Invoquant l'article 6 § 3 d) de la Convention, le requérant se plaint de n'avoir pas eu la possibilité, soixante ans après la commission des faits, de recueillir et d'obtenir des preuves à décharge et de ne pas avoir eu la possibilité d'interroger le seul témoin à charge.
Invoquant l'article 7 § 1 de la Convention, le requérant se plaint d'avoir été condamné à une peine plus lourde que celle prévue à l'époque de la commission des faits.
Invoquant les articles 7 et 14 de la Convention et 1 du Protocole no 12, le requérant se plaint de ce que le D.P.R. no 332 de 1966, tel qu'interprété par les juridictions internes, crée une différence de traitement injustifiée fondée sur la nationalité.
En droit
1.
Le requérant se plaint du retard dans l'ouverture du procès pénal à son encontre, retard de l'ordre de cinquante ans après le déroulement des faits, qui constituerait une violation de l'article 6 § 1 de la Convention lequel, en ses parties pertinentes, est ainsi libellé :
‘ Toute personne a droit à ce que sa cause soit entendue (…) dans un délai raisonnable, par un tribunal (…) qui décidera (…) du bien-fondé de toute accusation en matière pénale dirigée contre elle’.
Le requérant affirme que les enquêtes sur le massacre de Sant'Anna di Stazzema, commencées en 1947, furent inexplicablement suspendues pendant cinquante ans.

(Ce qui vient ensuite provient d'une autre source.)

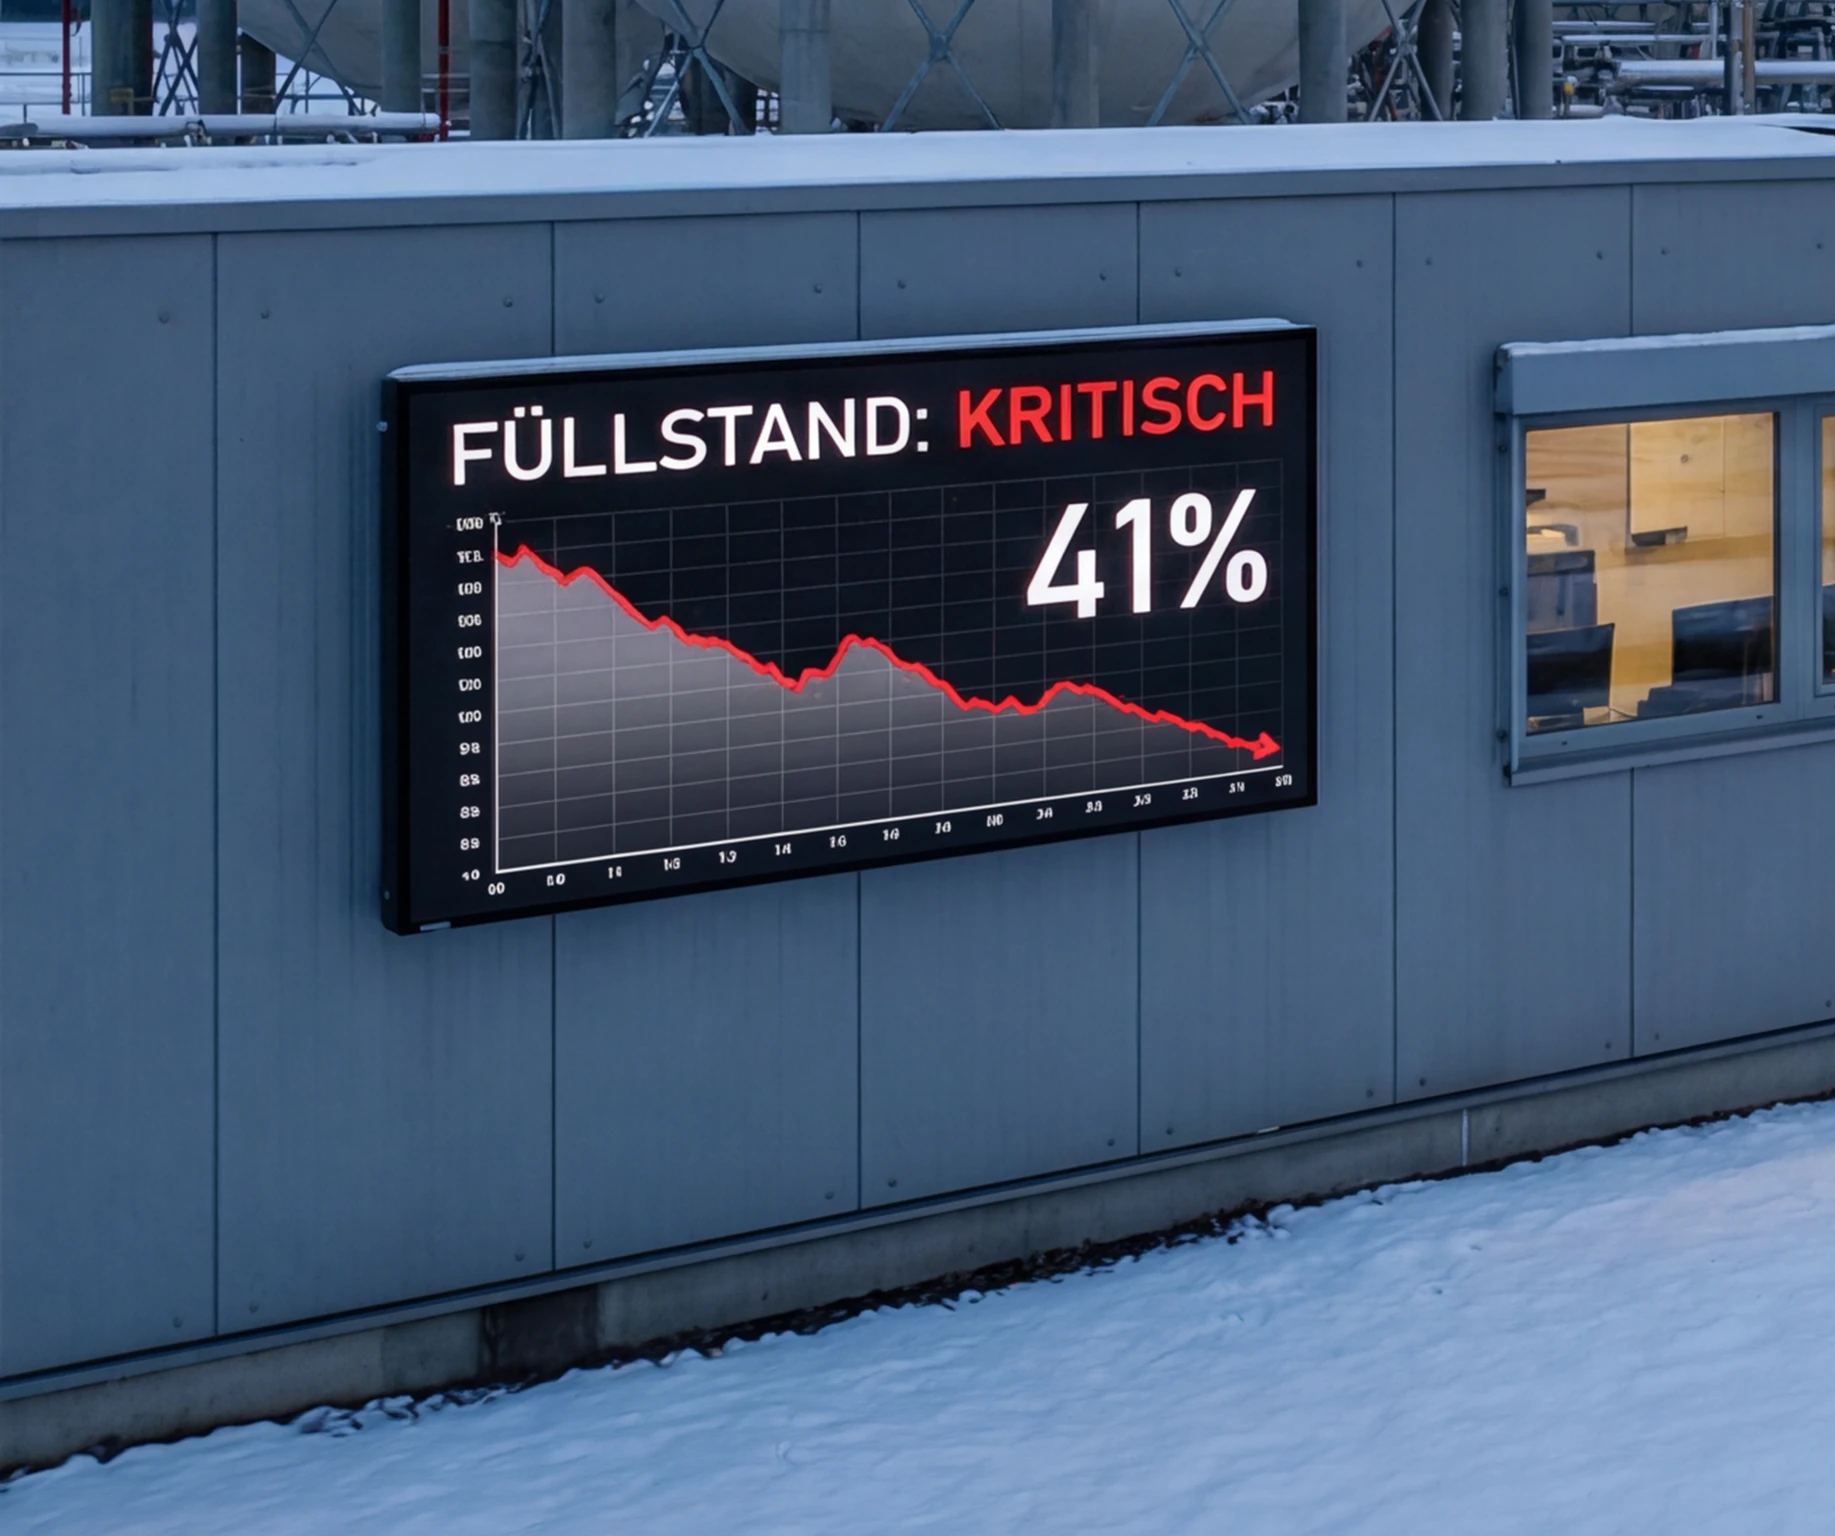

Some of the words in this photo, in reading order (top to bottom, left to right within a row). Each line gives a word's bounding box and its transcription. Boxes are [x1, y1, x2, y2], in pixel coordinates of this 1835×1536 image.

[452, 395, 930, 486] FÜLLSTAND:
[957, 370, 1275, 449] KRITISCH
[1026, 488, 1269, 620] 41%

Le retard dans l'ouverture du procès serait exclusivement imputable à l'État. Il soutient ne s'être jamais soustrait aux enquêtes et de n'avoir pas davantage caché son passé ou modifié son identité.
La Cour note d'emblée que sa compétence ratione temporis a débuté avec la prise d'effet, le 1er août 1973, du droit de recours individuel par l'Italie. En conséquence, elle n'a pas compétence pour connaître des griefs qui comportent des allégations de violation fondées sur des faits survenus avant cette date. De surcroît, la Cour constate que le requérant se plaint exclusivement de la période qui précède l'ouverture de la procédure à son encontre.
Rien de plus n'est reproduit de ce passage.